As it turned out, Raskin was not wearing a skullcap; he is just balding, with that particular kind of male-pattern baldness that leaves the appearance of a full head of hair from the front, but a surprisingly shiny pate from the back. As he turned his head slightly to gesticulate, the edge of his bald spot looked like a kippah.

This mistake reminded me of a game played widely in my Jewish circle when I was in graduate school and living in Somerville, Massachusetts. There is a sizable observant community there, but while it is close-knit, there is a constantly rotating cast of characters due to the stream of graduate students passing through Boston’s many universities at any given time.
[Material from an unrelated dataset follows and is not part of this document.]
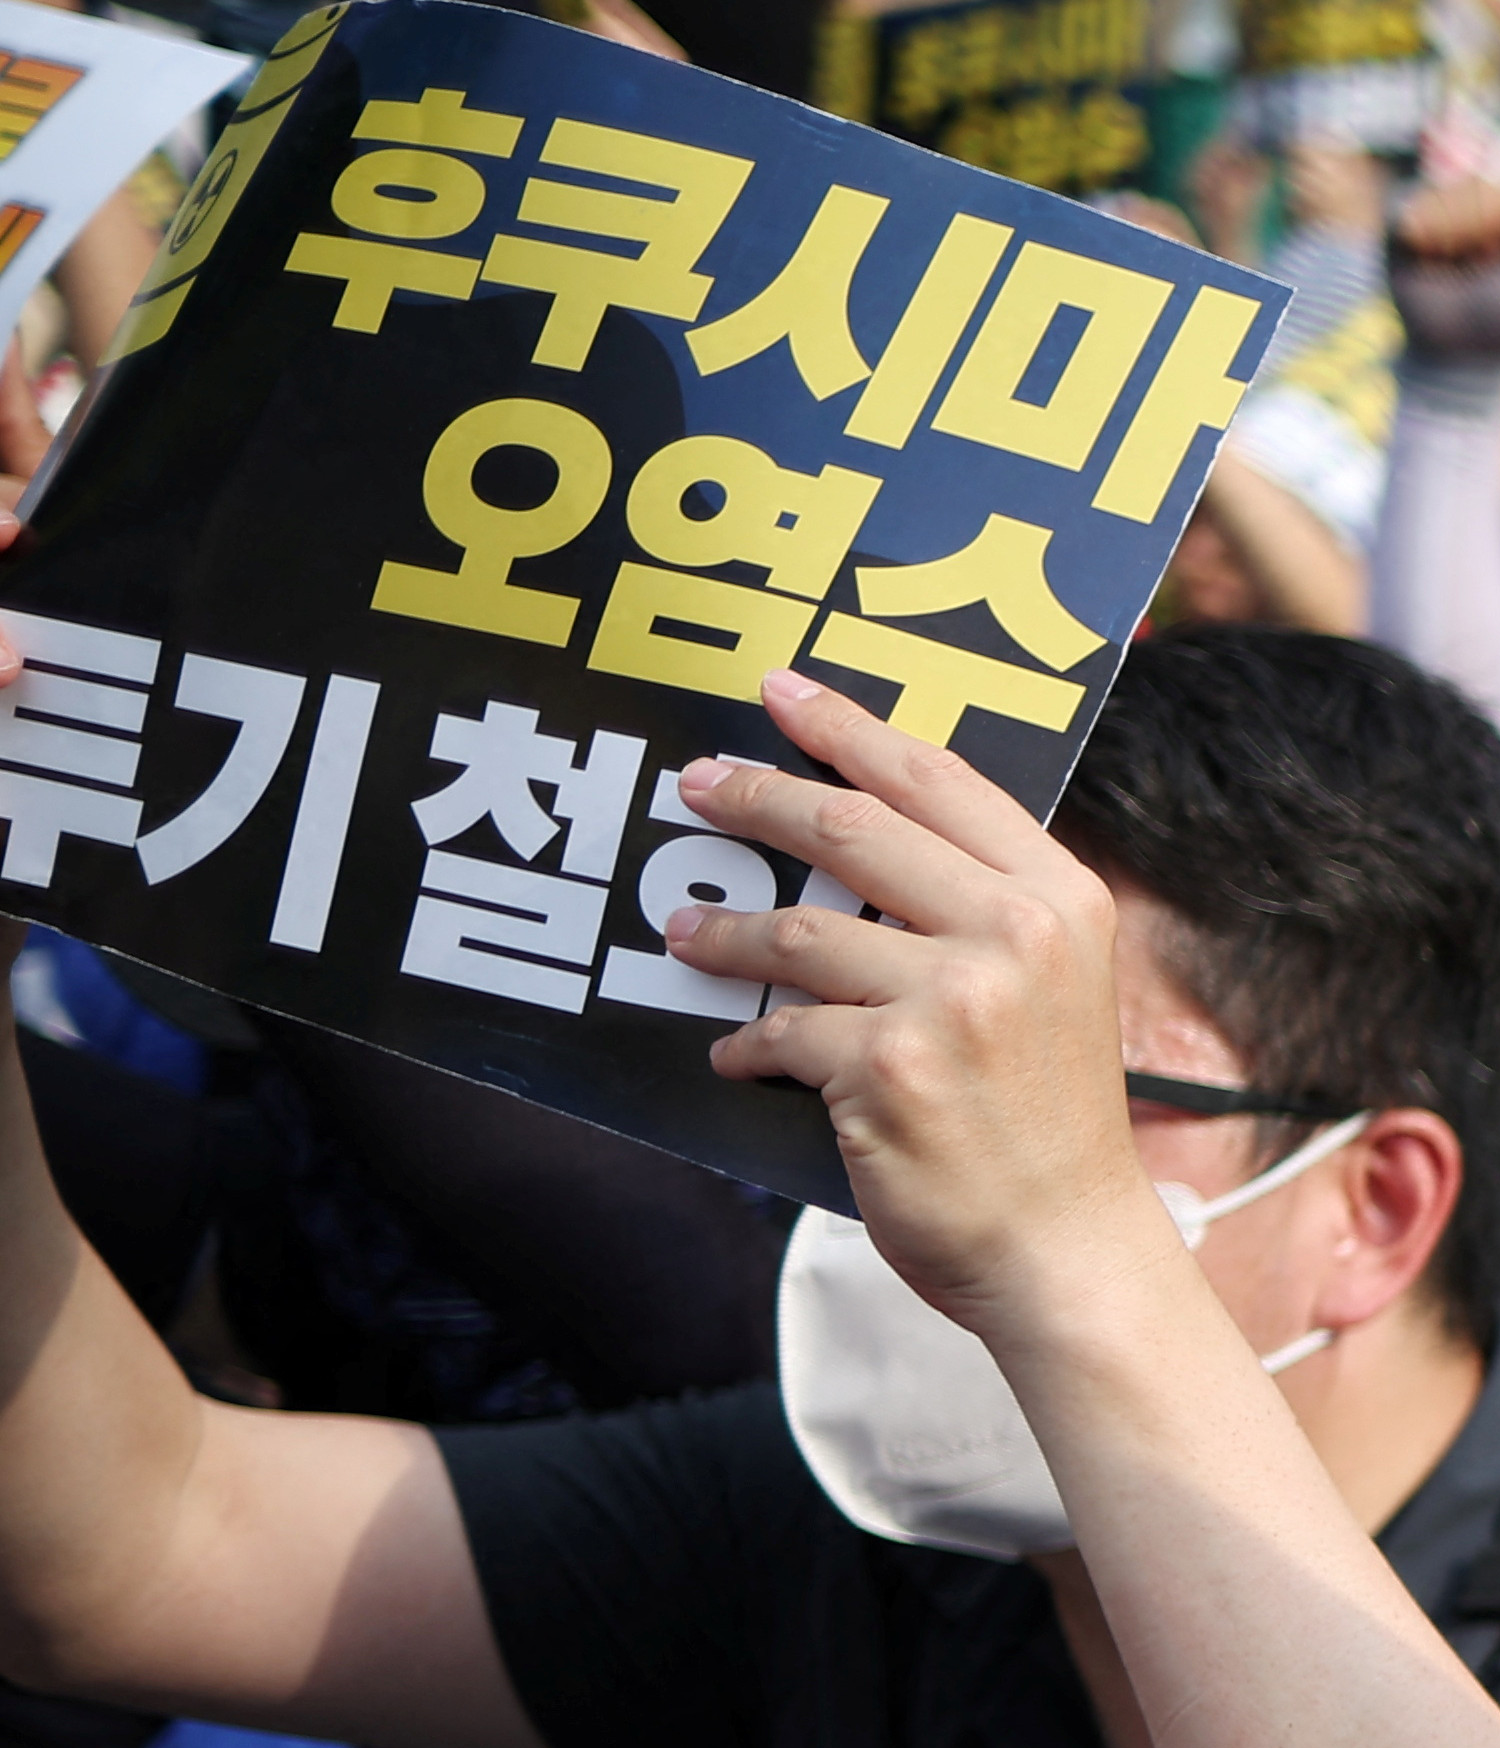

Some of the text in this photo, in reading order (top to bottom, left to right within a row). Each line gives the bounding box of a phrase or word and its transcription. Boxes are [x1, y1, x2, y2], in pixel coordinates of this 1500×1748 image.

[285, 88, 1262, 524] 후쿠시마
[371, 398, 1108, 752] 오염수
[0, 610, 381, 953] 투기
This means there’s always space for a rousing round of “Jewish or just bald?” (There are also variations, such as “frum or bald?”)

Especially among the younger community of 20- and 30-somethings living in the scholarly climes of Cambridge, it was a fine line — when moving about largely secular spaces, whether that be campus or the climbing gym, the game could so easily go either way. Sometimes, it seems unlikely that a younger guy is bald enough to have a kippah-sized patch, so it must be a yarmulke, we’d think. But a bald pate was more common than you’d expect, at least among Harvard and MIT’s doctoral candidates. Plus male-pattern baldness seems to come on young among those with Jewish genes, so bald and Jewish is always an option.

My friends would watch from afar, trying to guess if a certain individual was a newcomer to the community, someone we’d see at synagogue that weekend or should be inviting to Shabbat dinner. And, of course, if he was cute, new blood for the small community, the gossip would begin to flow — only for him to get close enough for us to see the light shine on a bare skull. Tricked again.

But Tuesday, all of Twitter — primed with newfound expertise in headcoverings gained a mere hour before — joined, unknowingly in our game. And they discovered, just like we did, that it’s actually pretty challenging to discern between Jewish and bald. Especially when, like Raskin, they’re both. In any case, he’s married.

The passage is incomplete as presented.